In order for that to work out for the compiler, it needs to know how much space to reserve for a given struct value when determining the structure of the stack or object frame. As long as struct values are trees of fixed size (disregarding outgoing references to objects; they point to the heap are not of interest for us), that is fine: the compiler can just add up all the sizes it finds.

If you had a recursive struct, this fails: you can implement lists or binary trees in this way. The compiler can not figure out statically how to store such values in memory, so we have to forbid them.

Nota bene: The same reasoning explains why structs are pass-by-value: we need them to physically be at their new context.

Hetman answered 11/1, 2017 at 17:34 Comment(4)
Might want to watch Session 416 of the WWDC 2016 videos.Spile
@Spile Because I might find it interesting or because I wrote something wrong? The first few minutes are interesting and definitely fit the question but don't tell me anything new. Should I watch on, and why?Hetman
You said you had to "guess about the inner workings of the Swift compiler". The reason for watching is that there is a lot of detail about how structs are actually stored. You can read it over at asciiwwdc rather than actually watching.Spile
@Spile Thanks for the reference, I'll have a look when I find the time!Hetman
T
3

Quick and easy hack workaround: just embed it in an array.

struct A {
  var otherA: [A]? = nil
  init() {
    otherA = [A()]
  }
}
Toggery answered 2/8, 2017 at 15:41 Comment(0)
J
2

You normally cannot have a reference cycle with value types simply because Swift normally doesn't allow references to value types. Everything is copied.

However, if you're curious, you actually can induce a value-type reference cycle by capturing self in a closure.

The following is an example. Note that the MyObject class is present merely to illustrate the leak.

class MyObject {
    static var objCount = 0
    init() {
        MyObject.objCount += 1
        print("Alloc \(MyObject.objCount)")
    }

    deinit {
        print("Dealloc \(MyObject.objCount)")
        MyObject.objCount -= 1
    }
}

struct MyValueType {
    var closure: (() -> ())?
    var obj = MyObject()

    init(leakMe: Bool) {
        if leakMe {
            closure = { print("\(self)") }
        }
    }
}

func test(leakMe leakMe: Bool) {
    print("Creating value type.  Leak:\(leakMe)")
    let _ = MyValueType(leakMe: leakMe)
}

test(leakMe: true)
test(leakMe: false)

Output:

Creating value type.  Leak:true
Alloc 1
Creating value type.  Leak:false
Alloc 2
Dealloc 2
Jansson answered 4/7, 2016 at 20:37 Comment(2)
So you can capture Self in a reference Cycle with itself! What If I have a struct that has a delegate and I want to assign itself as this delegate per default 😁 I think I cannot declare struct protocol properties weak, right? So how to get around this cycle?Seth
I checked this in Swift 3 and you will get the compiler error Closure cannot implicitly capture a mutating self parameter. So the compiler prevents this kind of retain cycle!Seth
S
1

Is there, however, a possibility of having reference cycles with value types only?

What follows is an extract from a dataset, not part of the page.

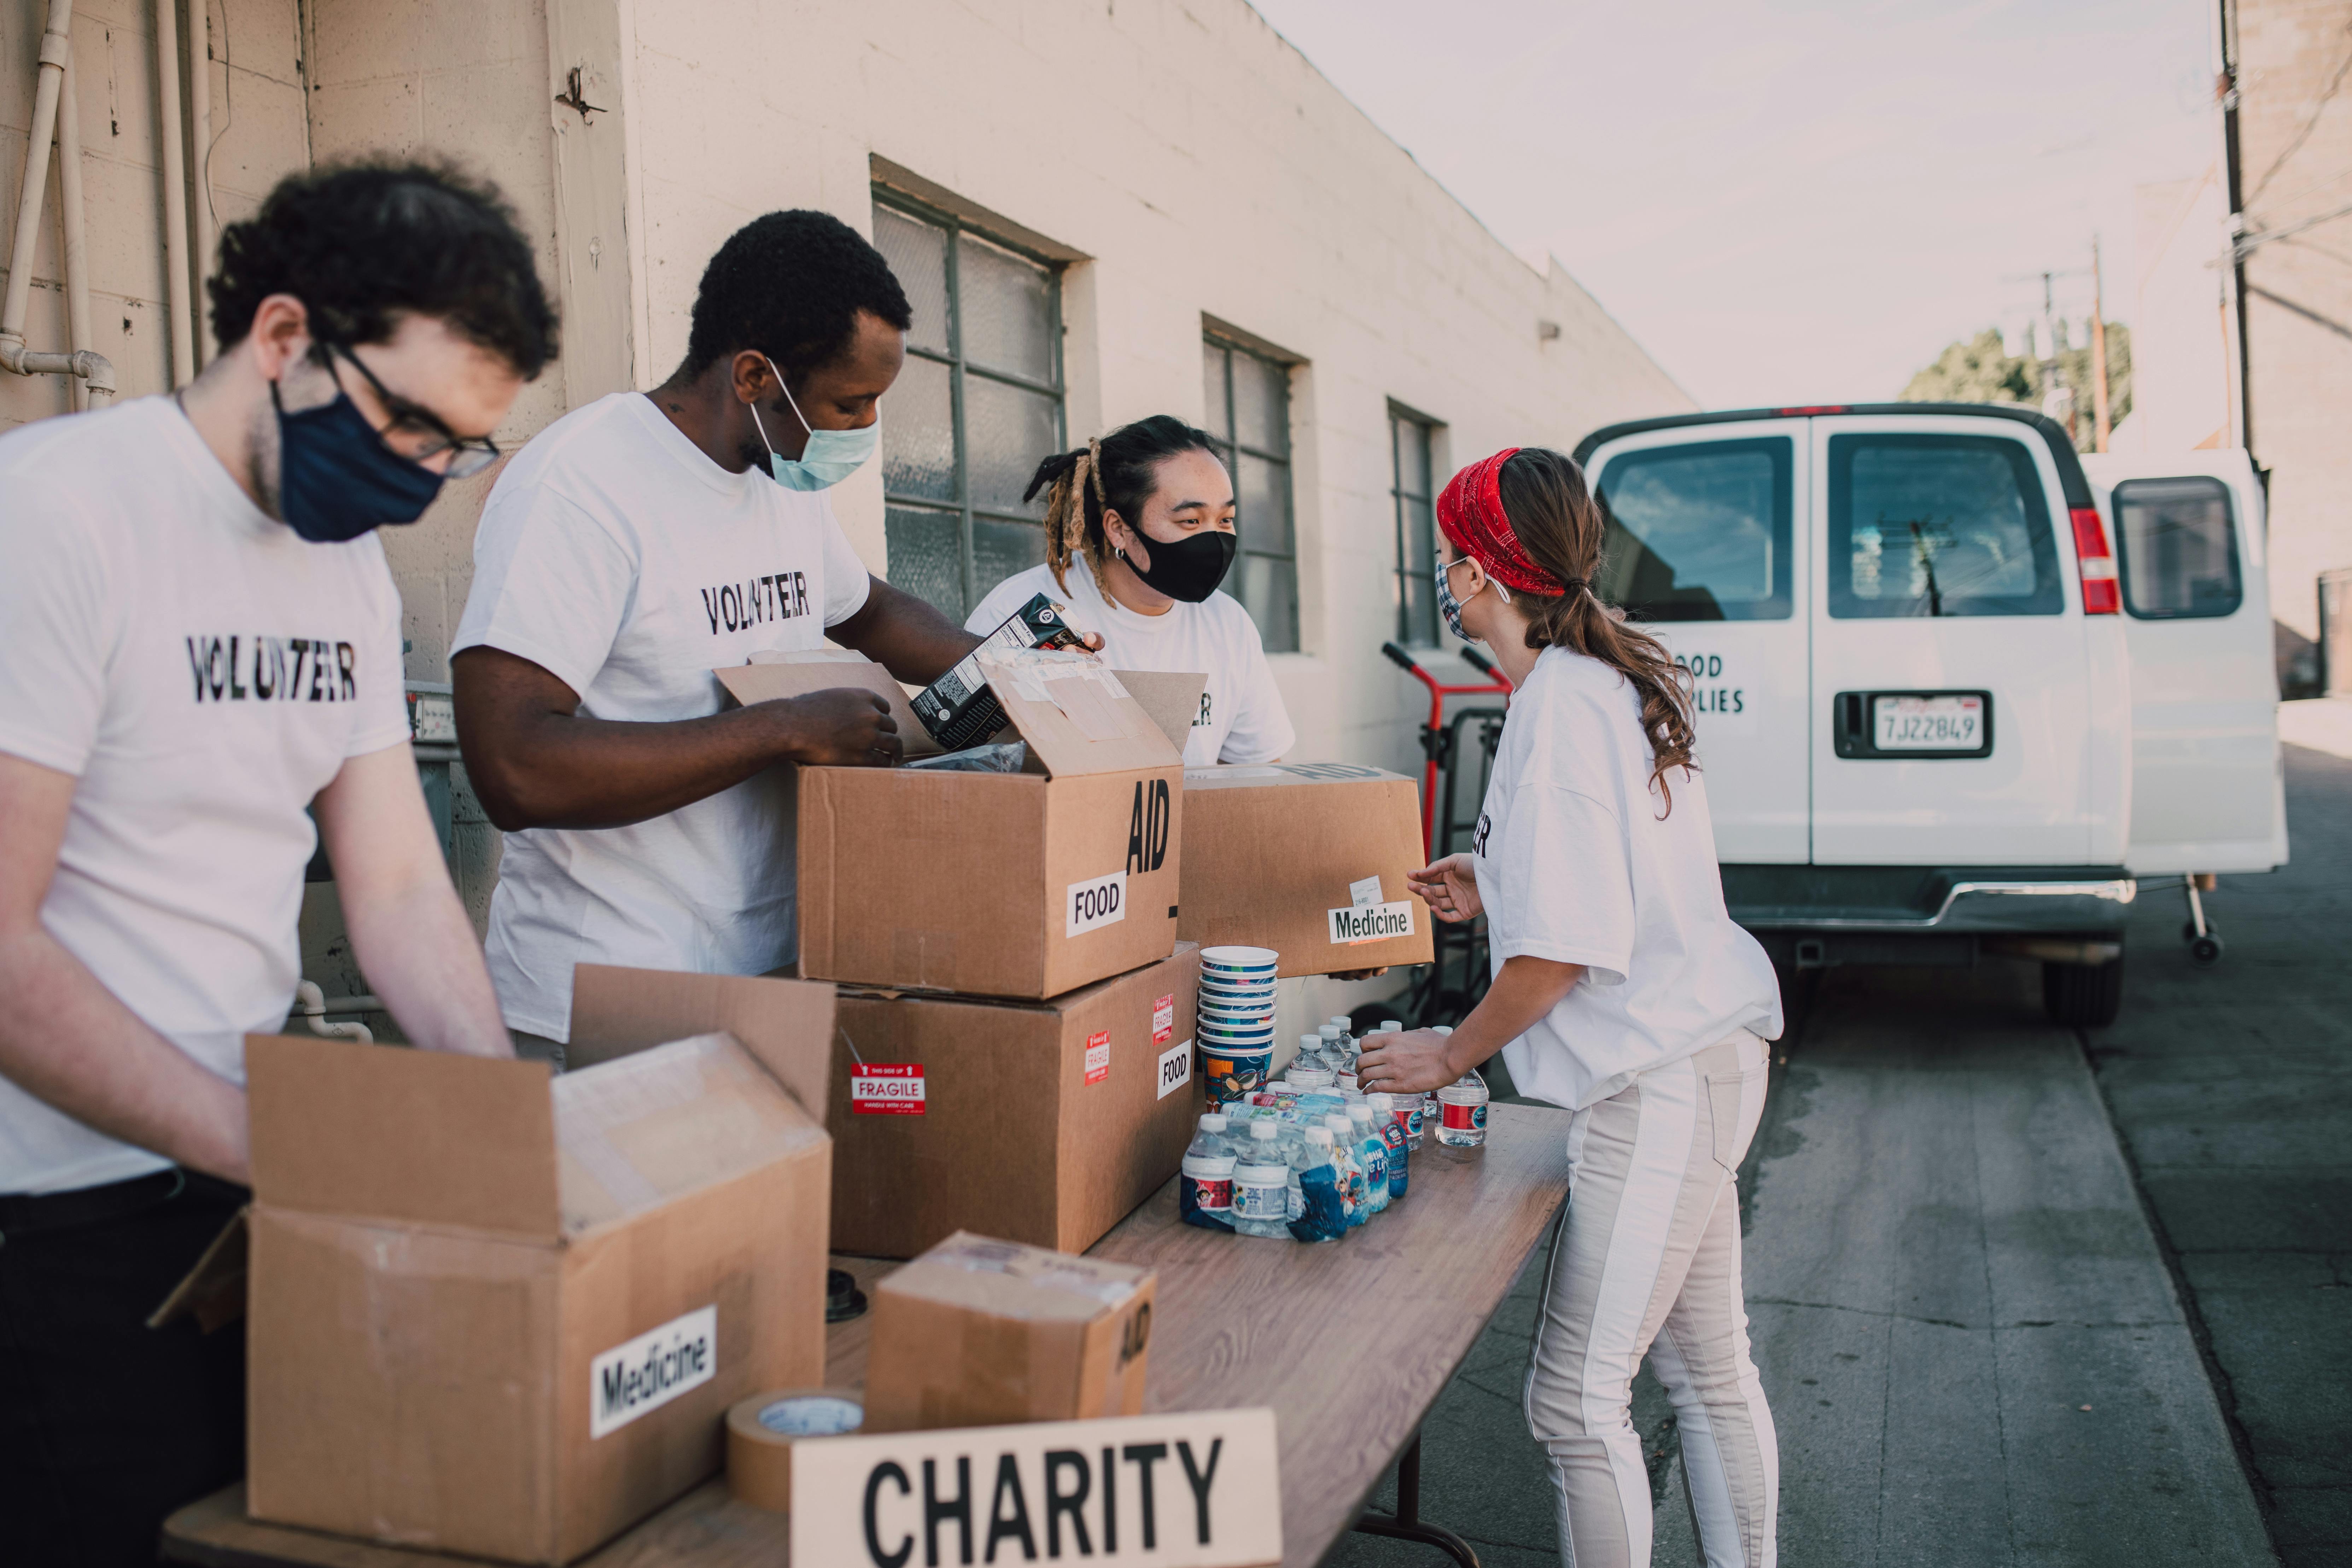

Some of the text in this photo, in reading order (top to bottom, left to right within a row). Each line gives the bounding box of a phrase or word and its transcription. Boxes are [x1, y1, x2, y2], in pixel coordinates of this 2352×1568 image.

Depends on what you mean with "value types only". If you mean completely no reference including hidden ones inside, then the answer is NO. To make a reference cycle, you need at least one reference.

But in Swift, Array, String or some other types are value types, which may contain references inside their instances. If your "value types" includes such types, the answer is YES.